**AIM OF THE EXERCISE**
No pictures, nothing altered: return the data below.

────────

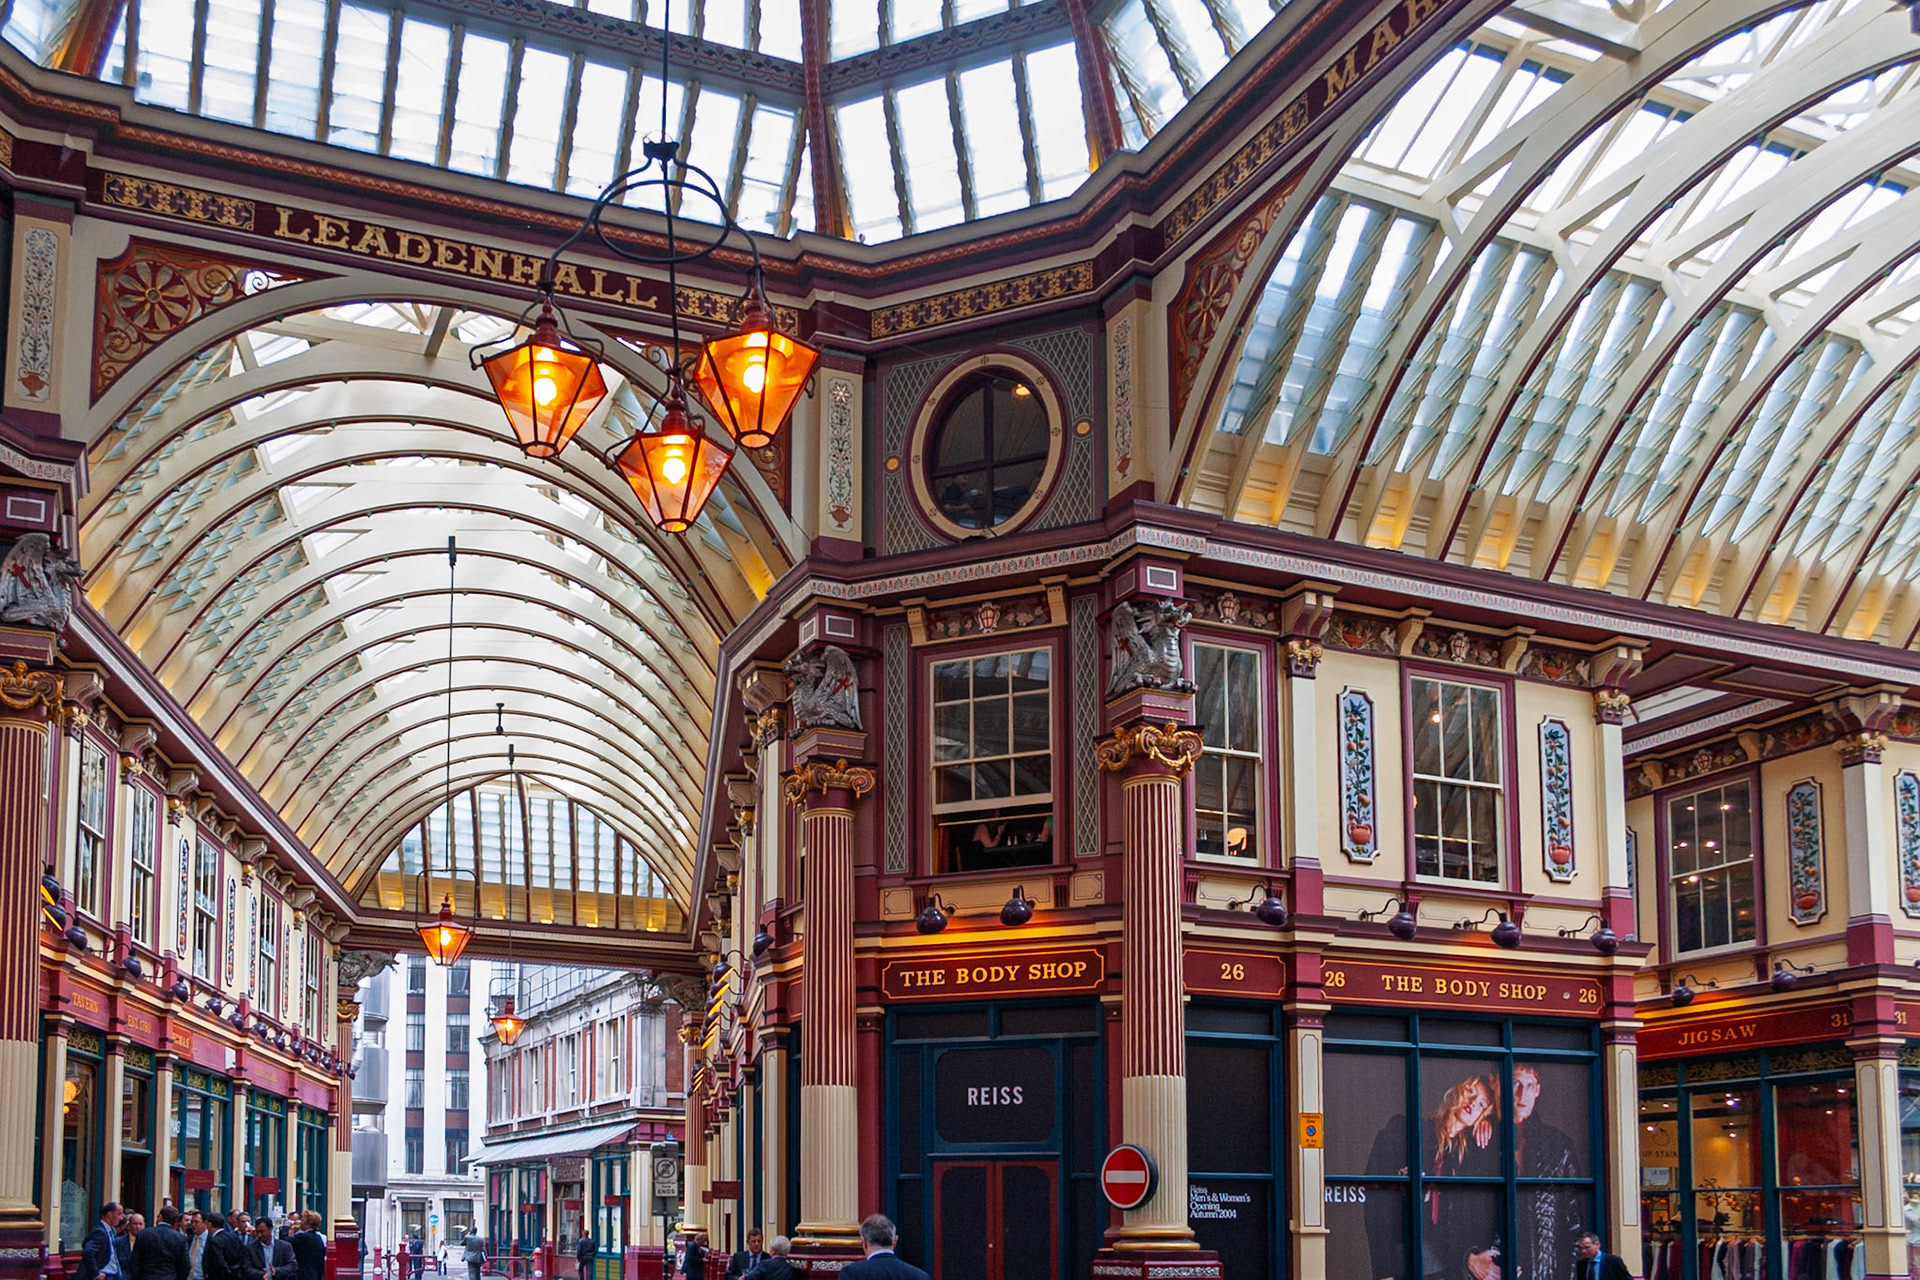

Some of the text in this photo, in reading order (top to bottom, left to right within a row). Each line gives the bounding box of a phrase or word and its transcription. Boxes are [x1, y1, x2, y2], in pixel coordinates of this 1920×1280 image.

[1323, 0, 1440, 107] MAR
[274, 207, 658, 309] LEADENHALL
[900, 961, 1087, 987] THE BODY SHOP
[1220, 963, 1245, 981] 26
[1324, 970, 1346, 988] 26
[1381, 974, 1548, 1001] THE BODY SHOP
[1578, 987, 1598, 1004] 26
[72, 992, 99, 1014] TAVERN
[1831, 1013, 1850, 1028] 31
[1678, 1024, 1757, 1046] JIGSAW
[967, 1086, 1024, 1106] REISS
[1190, 1184, 1208, 1194] Reiss
[1190, 1193, 1251, 1202] Men's & Women's
[1324, 1185, 1367, 1203] REISS
[1190, 1201, 1220, 1212] Opening
[1190, 1209, 1237, 1218] Autumn 2004

────────

**ANSWER SECTION**
Some of the text in this photo, in reading order (top to bottom, left to right within a row). Each line gives the bounding box of a phrase or word and its transcription. Boxes are [x1, y1, x2, y2], in pixel coordinates of this 1920×1280 image.

[1323, 0, 1440, 107] MAR
[274, 207, 658, 309] LEADENHALL
[900, 961, 1087, 987] THE BODY SHOP
[1220, 963, 1245, 981] 26
[1324, 970, 1346, 988] 26
[1381, 974, 1548, 1001] THE BODY SHOP
[1578, 987, 1598, 1004] 26
[72, 992, 99, 1014] TAVERN
[1831, 1013, 1850, 1028] 31
[1678, 1024, 1757, 1046] JIGSAW
[967, 1086, 1024, 1106] REISS
[1190, 1184, 1208, 1194] Reiss
[1190, 1193, 1251, 1202] Men's & Women's
[1324, 1185, 1367, 1203] REISS
[1190, 1201, 1220, 1212] Opening
[1190, 1209, 1237, 1218] Autumn 2004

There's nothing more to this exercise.